Porcine deltacoronavirus (PDCoV), a member of the genus Deltacoronavirus, family Coronaviridae, order Nidovirales, is a newly isolated and identified virus causing watery diarrhea, vomiting, and dehydration in pigs of different ages and breeds, especially newborn piglets [1–3]. Since first reported in Hong Kong in 2012 [4, 5], PDCoV has continued to emerge and reemerge in various countries, including the USA [6, 7], Canada [8, 9], South Korea [1, 10], Thailand [11], and mainland China [8, 9], and has caused significant economic losses to the pig industry.

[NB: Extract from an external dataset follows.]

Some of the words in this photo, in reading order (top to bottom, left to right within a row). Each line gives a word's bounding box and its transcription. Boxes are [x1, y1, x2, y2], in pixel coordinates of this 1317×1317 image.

PDCoV is an enveloped, single-stranded, positive-sense RNA virus [7, 12]. The PDCoV genome contains a 5’ untranslated region (UTR) followed by open reading frame 1a/1b (ORF 1a/1b); sequences encoding the spike (S), envelope (E), membrane (M), accessory protein 6 (NS6), nucleocapsid (N), accessory protein 7 (NS7), and accessory protein 7a (NS7a) proteins; and a 3’ UTR [13, 14]. The E protein is a small envelope protein that plays an important role in viral assembly and infection [15]. The M protein plays an important role in inducing protection and mediating the course of disease [16, 17]. The N protein is principally produced in infected cells and plays multiple roles in viral replication and pathogenesis [13, 18]. The S protein contains three receptor-binding S1 subunits tightly packed into a crown-like structure and three membrane fusion S2 subunits forming a stalk. This protein has several structural features that may facilitate viral immune evasion, including compactness, concealed receptor-binding sites, and shielded critical epitopes [19]. Because the S protein is the major surface protein, it is also the main target of neutralizing antibodies (Abs) during infection and a focus in vaccine design [20].

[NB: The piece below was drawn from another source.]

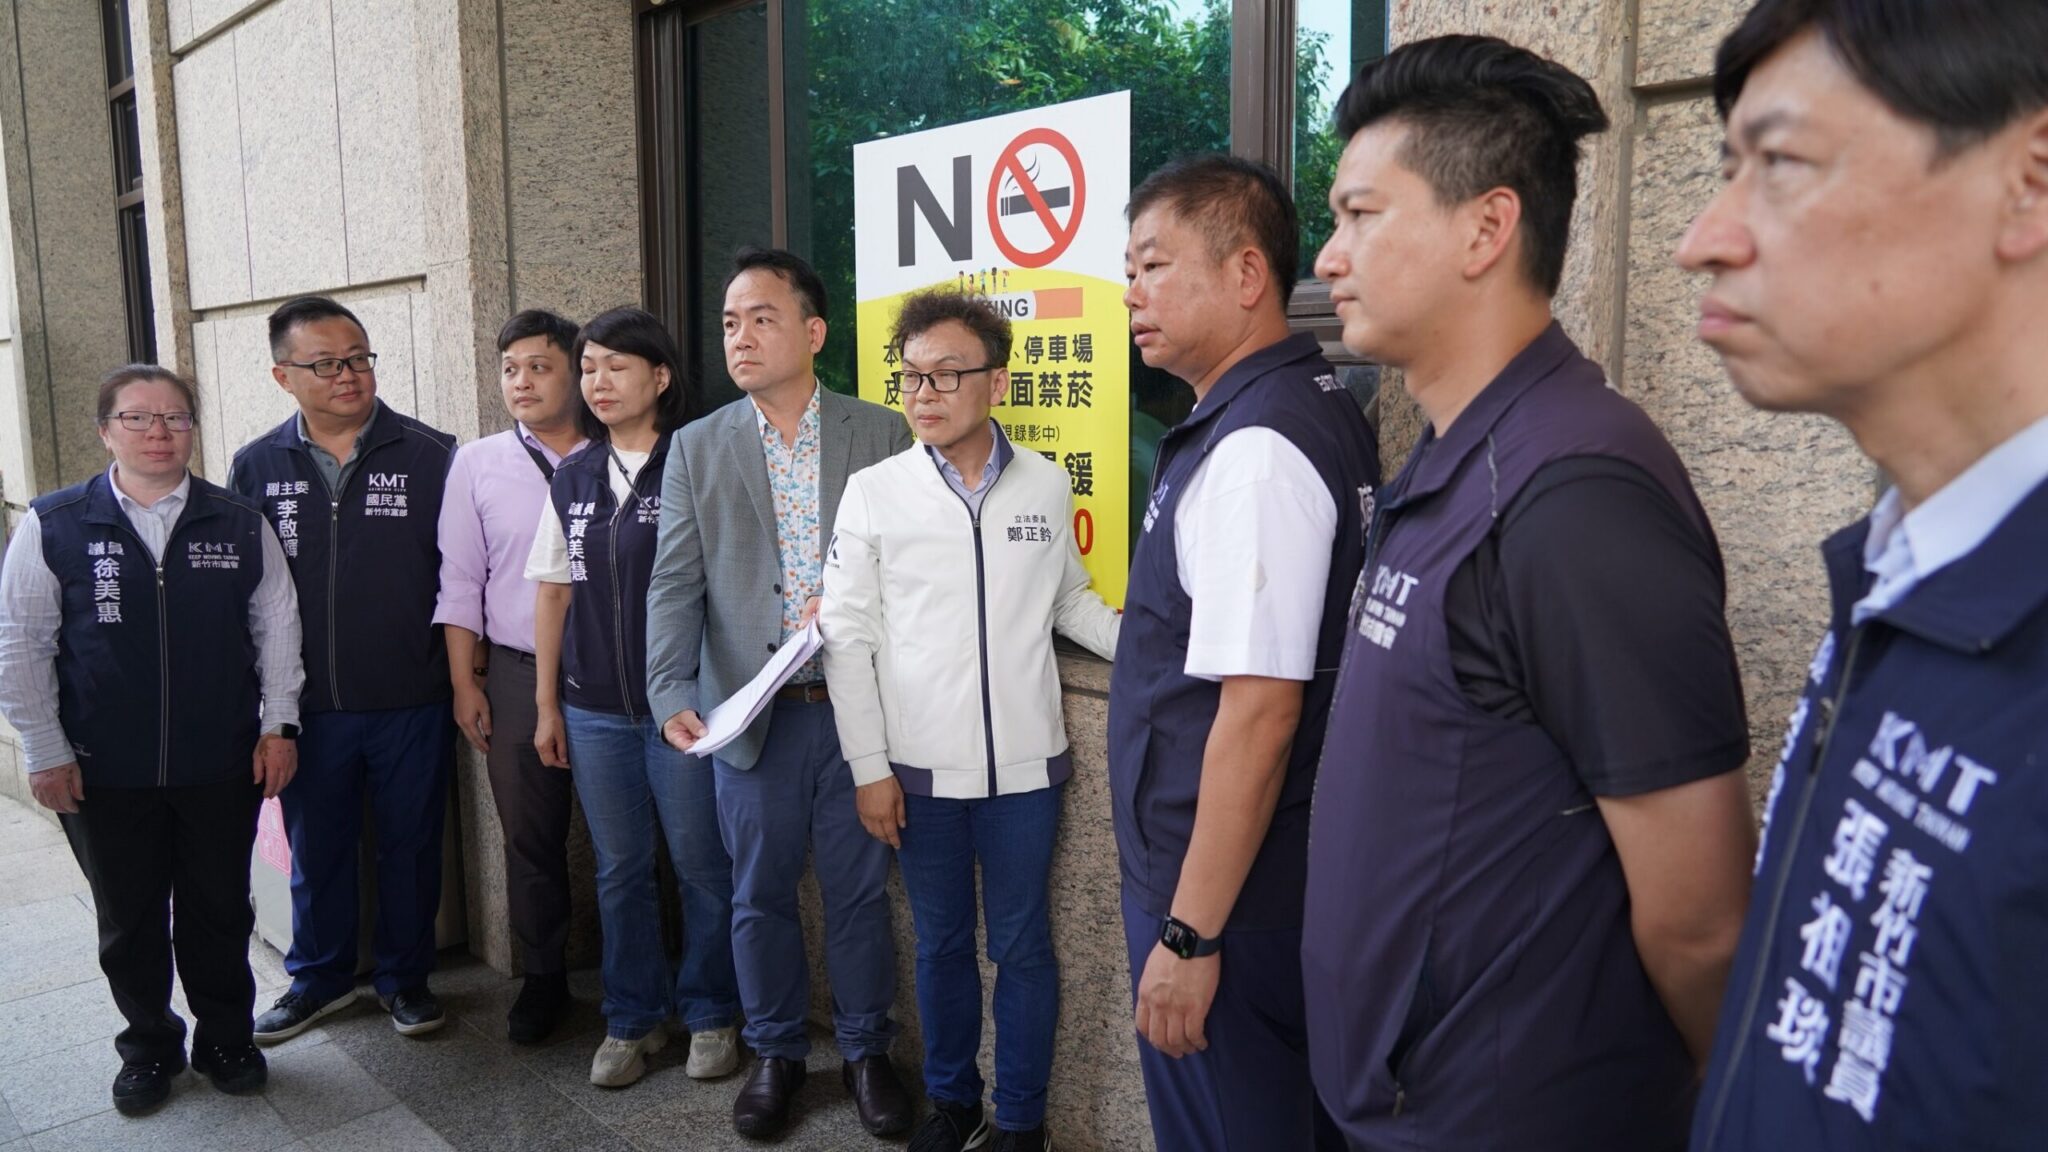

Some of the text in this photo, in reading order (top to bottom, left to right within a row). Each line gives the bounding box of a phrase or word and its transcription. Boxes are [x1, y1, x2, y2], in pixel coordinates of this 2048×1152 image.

PDCoV can infect pigs regardless of age; unweaned piglets infected with PDCoV display clinical symptoms similar to those seen in pigs infected with porcine epidemic diarrhea virus (PEDV) and transmissible gastroenteritis virus (TGEV), including watery diarrhea, vomiting, dehydration and death [7, 11, 21]. Although previous studies have confirmed the postinfection effect of PDCoV in newborn and suckling piglets, few reports have addressed the pathogenicity of and immune response to PDCoV in conventionally weaned pigs. In addition, although a correlation of resistance to disease induced by PEDV infection with age has been described, little is known about the effect of PDCoV infection and re-challenge on weaned pigs. Therefore, 45-day-old weaned pigs were challenged and rechallenged with different inoculation doses of sixth-passage (P6) culture-adapted PDCoV strain CH/XJYN/2016 (GenBank accession number MN064712), and the immune response in the PDCoV-infected, conventionally weaned pigs was evaluated.
Pig kidney cells (LLC-PK1, ATCC no. CL-101) were grown in minimum essential medium (MEM, Gibco, USA) containing 10% heat-inactivated fetal bovine serum (FBS, Invitrogen, Australia), 1% antibiotics and antimycotics (10000 units of penicillin, 10000 µg of streptomycin, and 25 µg of Fungizone® [Gibco™, USA], per ml), 1% MEM Non-Essential Amino Acid Solution (MEM NEAA, Gibco, USA), and 1% HEPES (Gibco, Taiwan) and cultured at 37 °C in 5% CO2. PDCoV strain CH/XJYN/2016 (GenBank accession number MN064712) was isolated in our laboratory and propagated in LLC-PK1 cells.
Twenty-five 45-day-old PDCoV-naïve conventionally weaned pigs were obtained from a commercial pig farm with no previous herd history of a PDCoV outbreak and confirmed to be seronegative for PDCoV by indirect ELISA (developed in our laboratory). In addition, these pigs were confirmed to be negative for PEDV, TGEV and porcine kobuvirus (PKoV) by reverse transcription PCR (RT-PCR) and real-time PCR (developed in our laboratory). The pigs were randomly divided into four experimental groups (G1-G4) and one mock-infected control group, each containing five pigs. Each group of pigs was housed in a different room. Pigs in groups G1 to G4 were separately challenged orally with 3 mL of tenfold serial dilutions (from 100 to 10−3) of P6 cell-culture-adapted CH/XJYN/2016 (original titer: 4.0 log10 TCID50/mL). The mock-infected group received MEM. At 21 days post-inoculation (dpi), pigs in G1 to G4 were rechallenged with 1000 TCID50 of P6 cell-culture-adapted CH/XJYN/2016. After challenge, clinical symptoms were observed and the fecal consistency was scored daily as described previously (scores: 0 = normal, 1 = pasty, 2 = semiliquid, and 3 = liquid) [22]. Serum samples and rectal swabs were collected from all pigs at 0, 7, 14, 21, 28 and 35 dpi. Saliva specimens were collected at 21, 28 and 35 dpi.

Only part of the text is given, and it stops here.